## YOUR TASK
With the images removed, repeat the data below exactly.

## DATA FOR THIS EXERCISE
————————

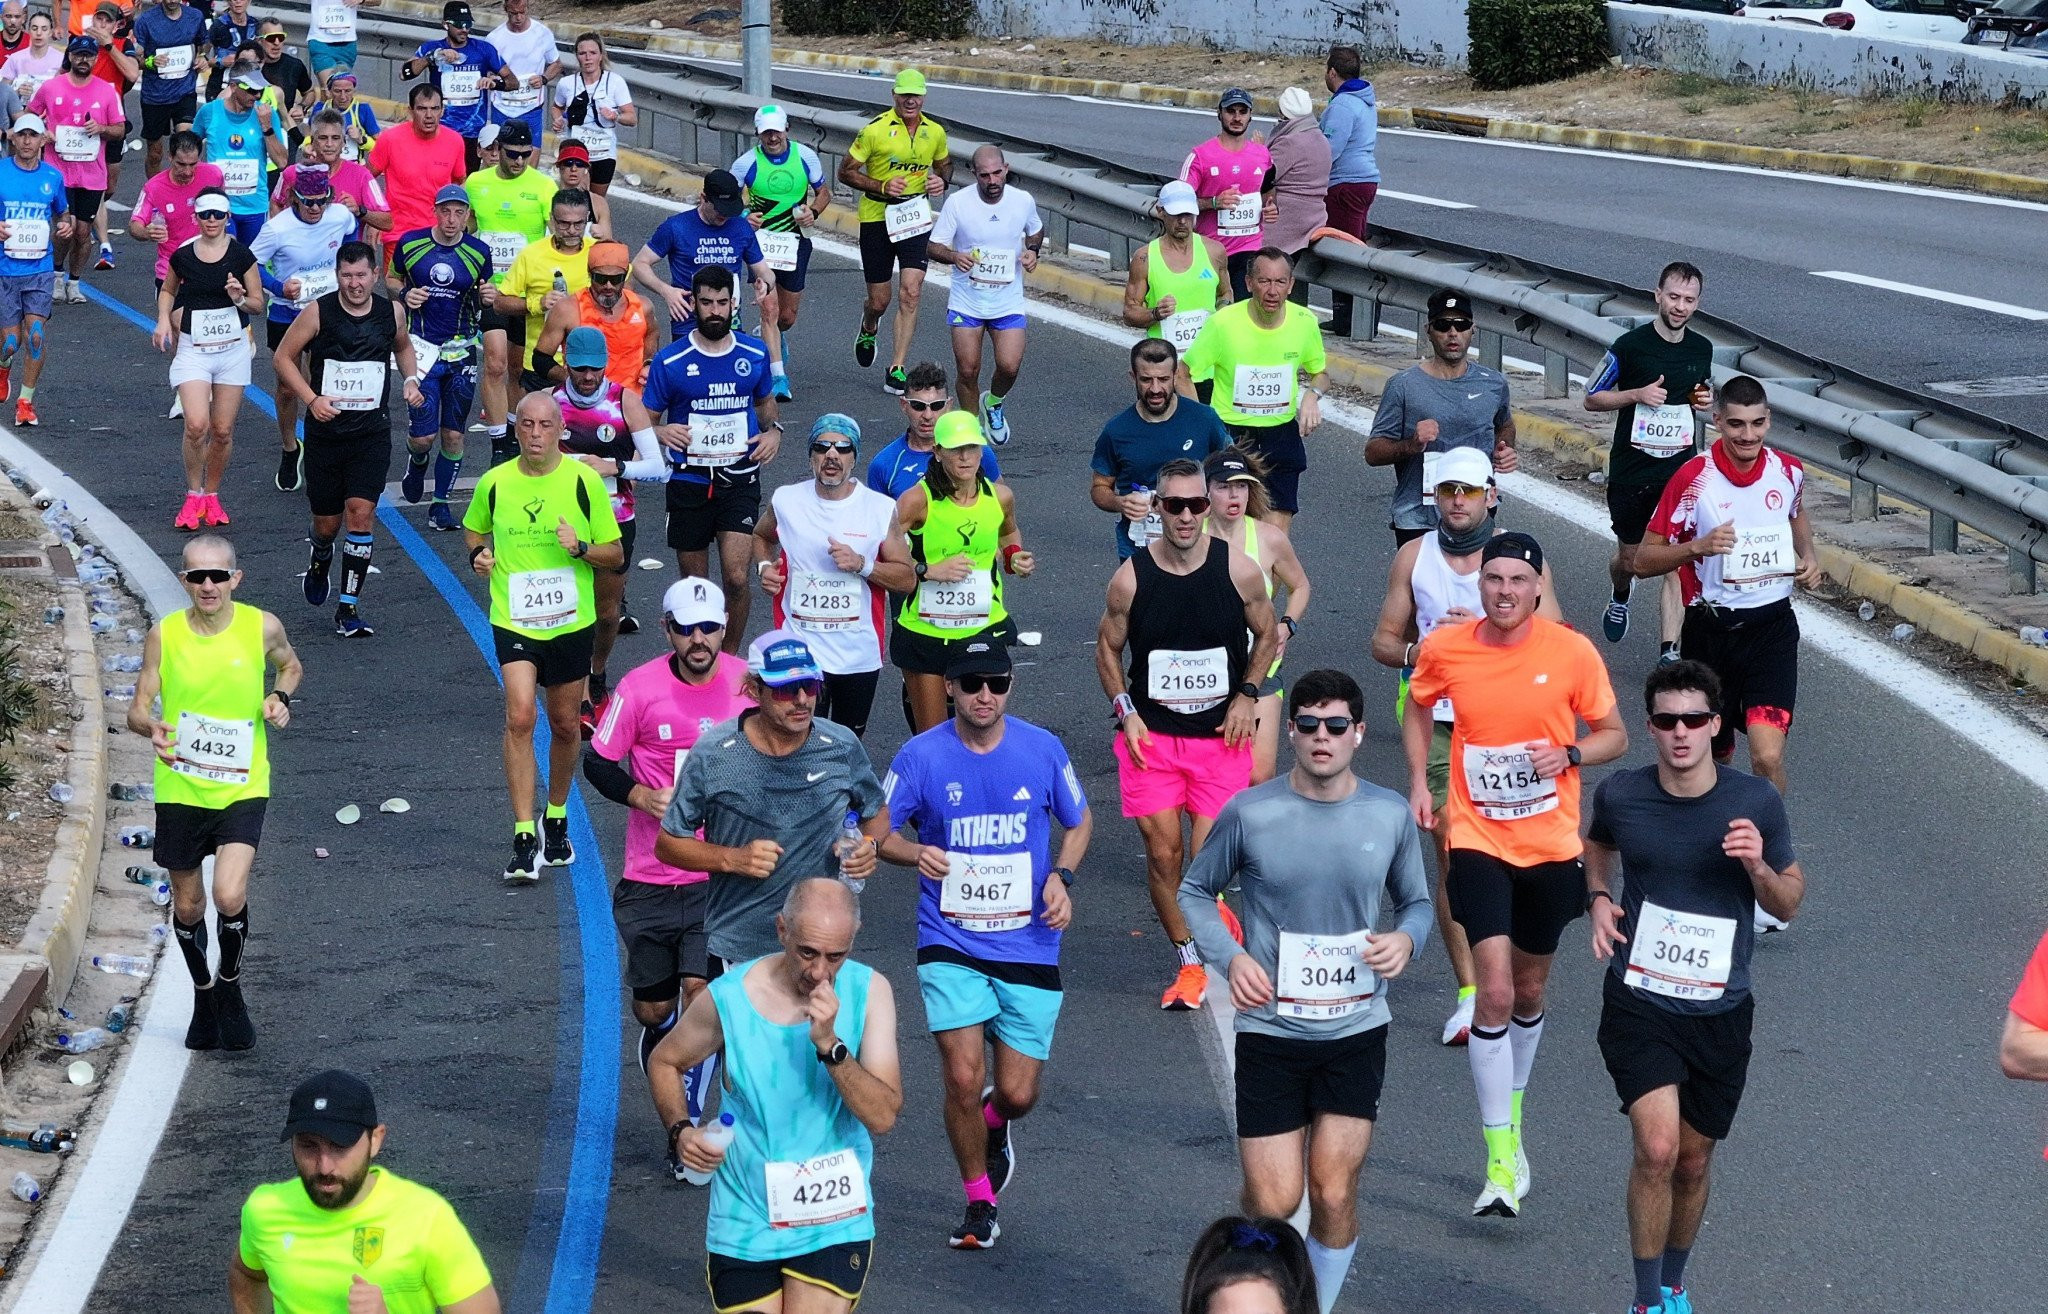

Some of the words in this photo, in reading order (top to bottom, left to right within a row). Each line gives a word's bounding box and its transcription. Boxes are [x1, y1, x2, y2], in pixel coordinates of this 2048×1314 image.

[168, 57, 185, 66] 810
[450, 84, 472, 92] 5825
[66, 139, 83, 148] 256
[224, 172, 249, 181] 6447
[5, 206, 46, 220] ITALIA
[896, 211, 920, 224] 6039
[1229, 209, 1254, 220] 5398
[18, 233, 38, 243] 860
[699, 237, 717, 245] run
[718, 236, 730, 245] to
[489, 246, 515, 257] 2381
[696, 245, 734, 256] change
[762, 243, 789, 254] 3877
[693, 254, 737, 264] diabetes
[979, 263, 1005, 274] 5471
[203, 324, 231, 337] 3462
[334, 379, 363, 391] 1971
[1247, 383, 1280, 396] 3539
[1646, 423, 1682, 438] 6027
[701, 432, 735, 447] 4648
[1740, 549, 1779, 569] 7841
[524, 589, 564, 609] 2419
[800, 593, 851, 610] 21283
[935, 591, 976, 606] 3238
[1160, 673, 1217, 690] 21659
[190, 738, 236, 758] 4432
[1478, 769, 1542, 790] 12154
[950, 812, 1027, 848] ATHENS
[960, 882, 1012, 901] 9467
[1653, 940, 1711, 969] 3045
[1301, 965, 1357, 987] 3044
[793, 1175, 851, 1206] 4228

————————

## EXERCISE RESPONSE
Some of the words in this photo, in reading order (top to bottom, left to right within a row). Each line gives a word's bounding box and its transcription. Boxes are [x1, y1, x2, y2], in pixel coordinates of this 2048×1314 image.

[168, 57, 185, 66] 810
[450, 84, 472, 92] 5825
[66, 139, 83, 148] 256
[224, 172, 249, 181] 6447
[5, 206, 46, 220] ITALIA
[896, 211, 920, 224] 6039
[1229, 209, 1254, 220] 5398
[18, 233, 38, 243] 860
[699, 237, 717, 245] run
[718, 236, 730, 245] to
[489, 246, 515, 257] 2381
[696, 245, 734, 256] change
[762, 243, 789, 254] 3877
[693, 254, 737, 264] diabetes
[979, 263, 1005, 274] 5471
[203, 324, 231, 337] 3462
[334, 379, 363, 391] 1971
[1247, 383, 1280, 396] 3539
[1646, 423, 1682, 438] 6027
[701, 432, 735, 447] 4648
[1740, 549, 1779, 569] 7841
[524, 589, 564, 609] 2419
[800, 593, 851, 610] 21283
[935, 591, 976, 606] 3238
[1160, 673, 1217, 690] 21659
[190, 738, 236, 758] 4432
[1478, 769, 1542, 790] 12154
[950, 812, 1027, 848] ATHENS
[960, 882, 1012, 901] 9467
[1653, 940, 1711, 969] 3045
[1301, 965, 1357, 987] 3044
[793, 1175, 851, 1206] 4228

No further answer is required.